ナインウェーブからこのNW-STUDIO PROが発売されたのは2011年2月。6月には数量限定ホワイトモデルが登場、付属品が整理されたことで13,800円前後という低価格でリリースされたばかりだったが、正直なところインナーイヤー型という開放型イヤホンには、ちょっぴり疎遠になっていた。遮音性を追求したカナル型を長年愛用してきただけに、いまさら生活ノイズにまみれるのはイヤだと頭ごなしに敬遠していたからだ。

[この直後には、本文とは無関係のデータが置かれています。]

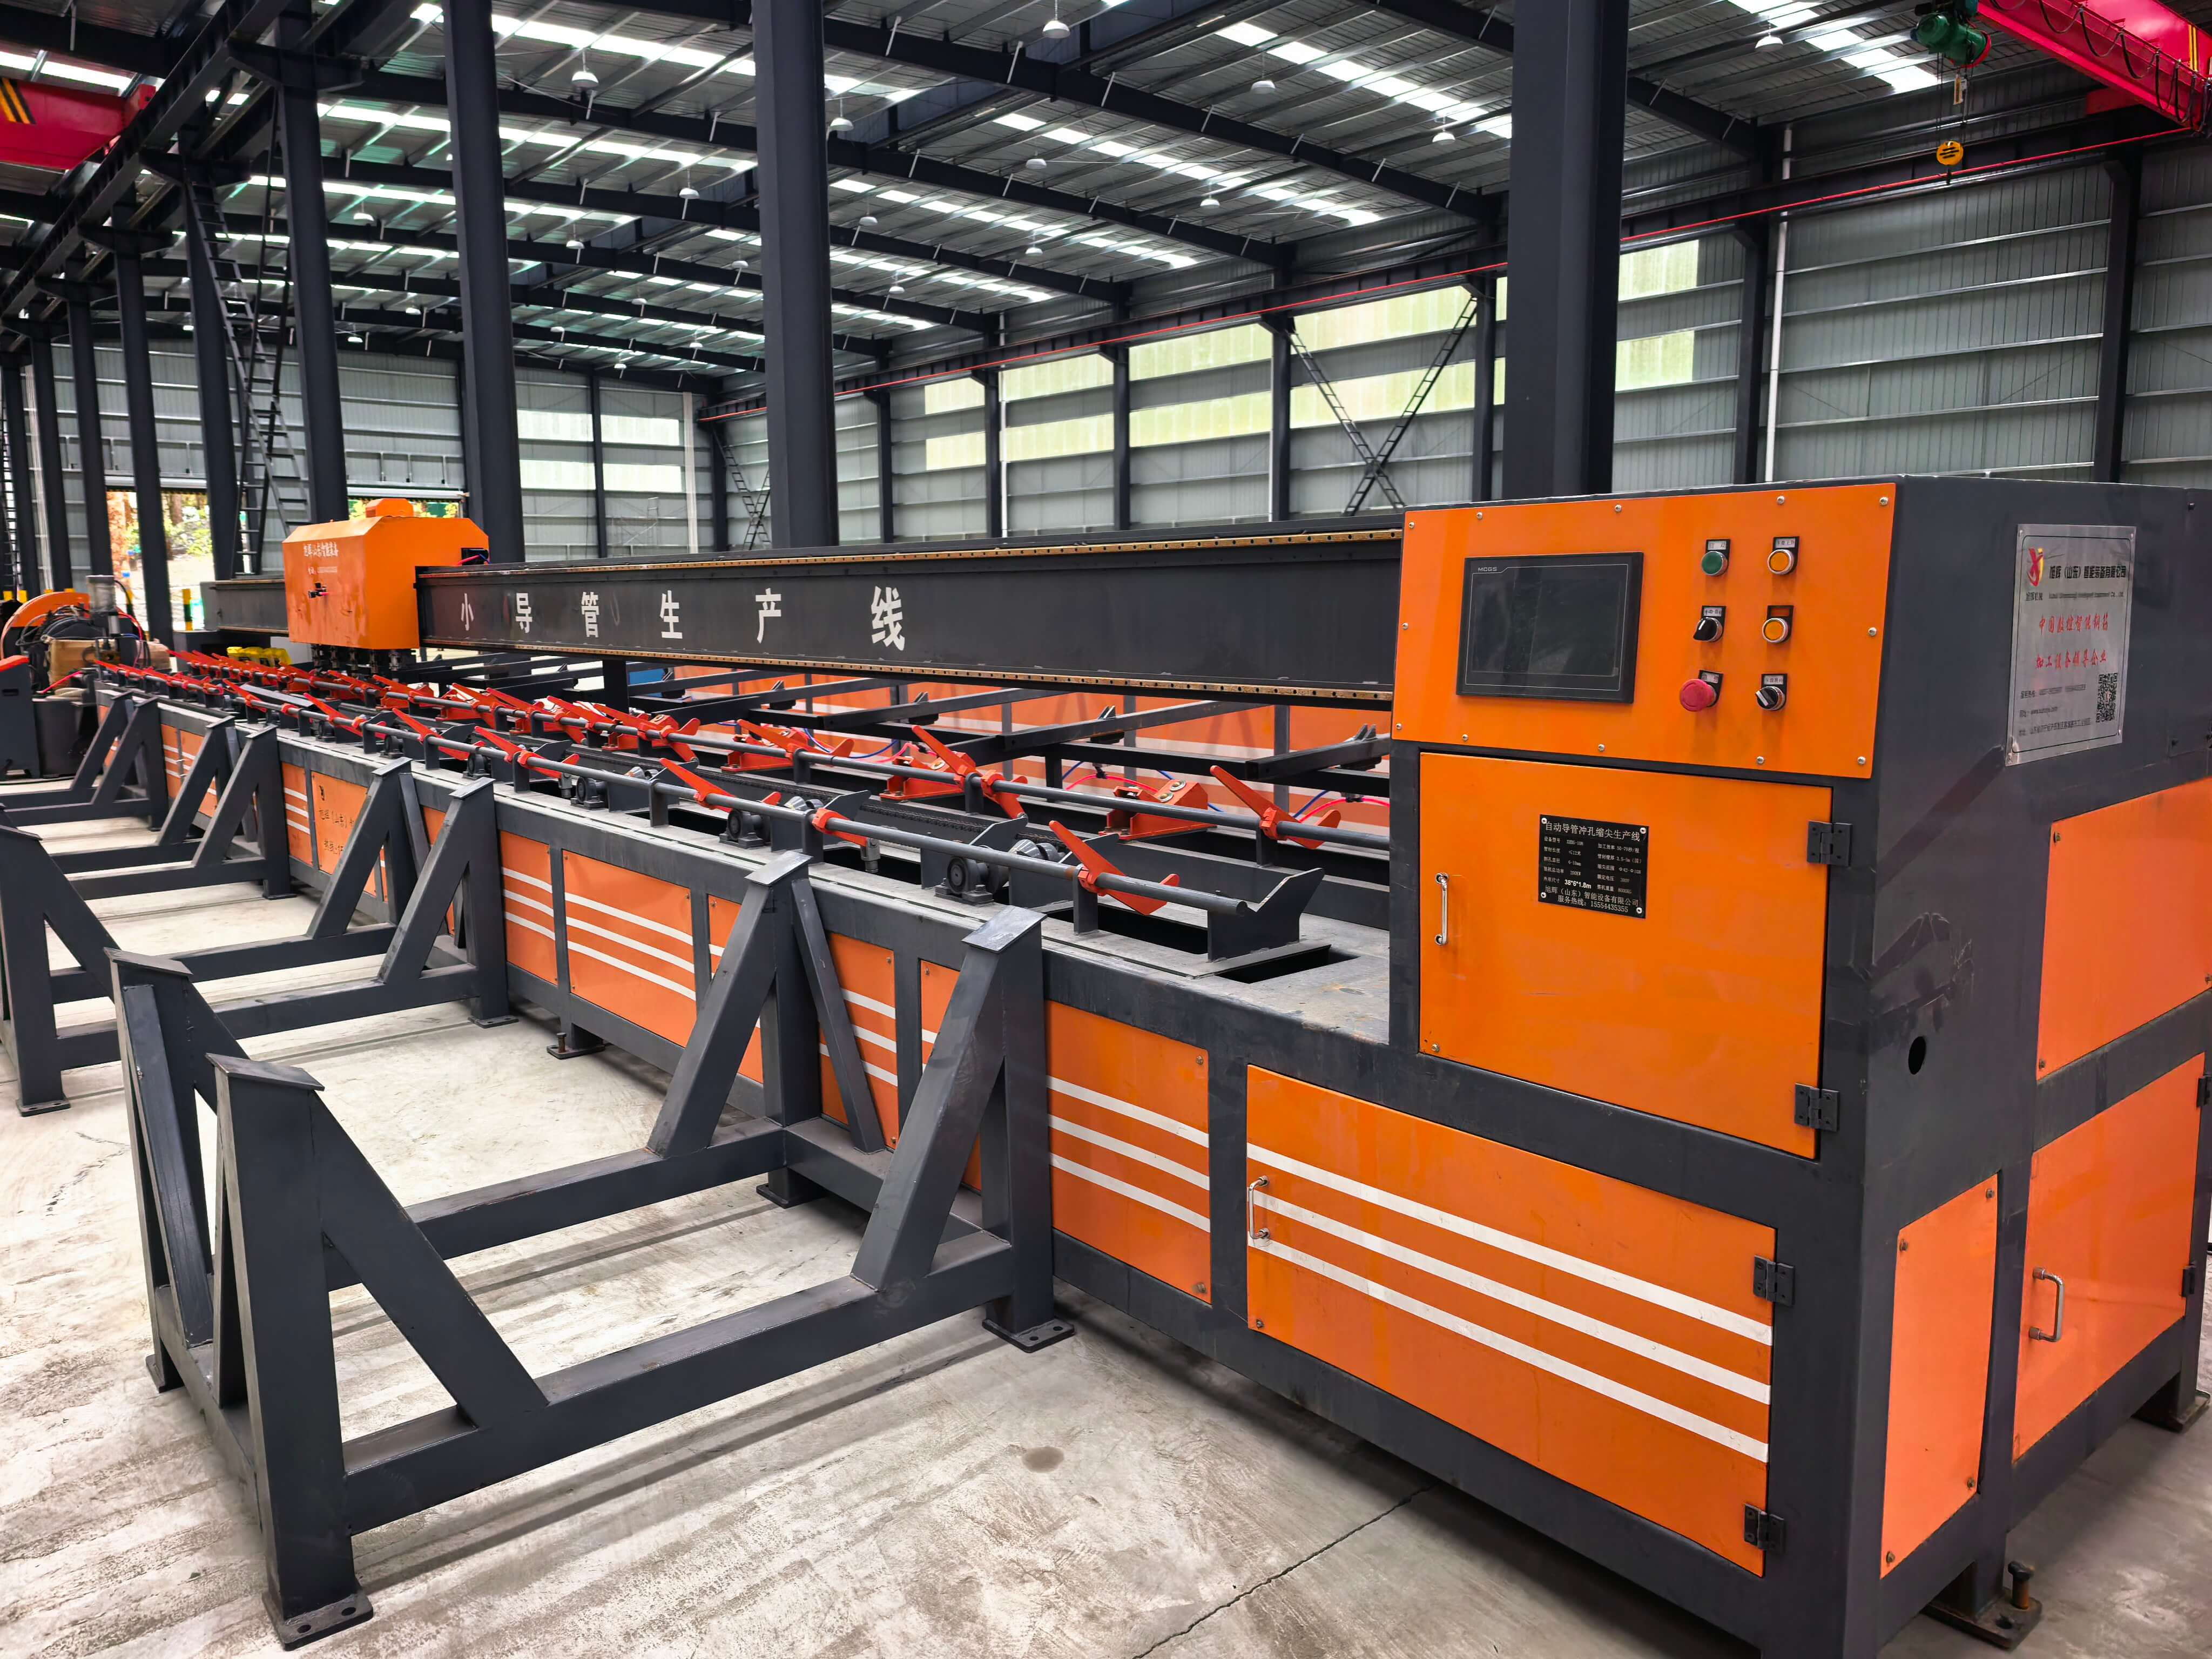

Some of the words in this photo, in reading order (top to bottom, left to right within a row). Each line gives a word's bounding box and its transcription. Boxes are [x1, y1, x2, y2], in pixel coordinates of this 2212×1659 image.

そんな折、ふとNW-STUDIO PROを耳にしてみたら、そんなちんけなこだわりなどスポーンと吹き飛ばしてくれる強烈な説得力がNW-STUDIO PROからあふれ出てきた。波の音を聴けばそこは砂浜になるし、鳥の鳴き声を聞けばもうそこは森の中になる。NW-STUDIO PROが鳴らすこの自然な音の存在感が凄い。カナル型に調教された私の耳に、開放型の音はあまりに心地よく自然に響く。これが癒しか?これが優しさなのか? この当たり前の響き方ってなんなんだ?と、私は今、開放型の魅力に猛烈引き込まれ中だ。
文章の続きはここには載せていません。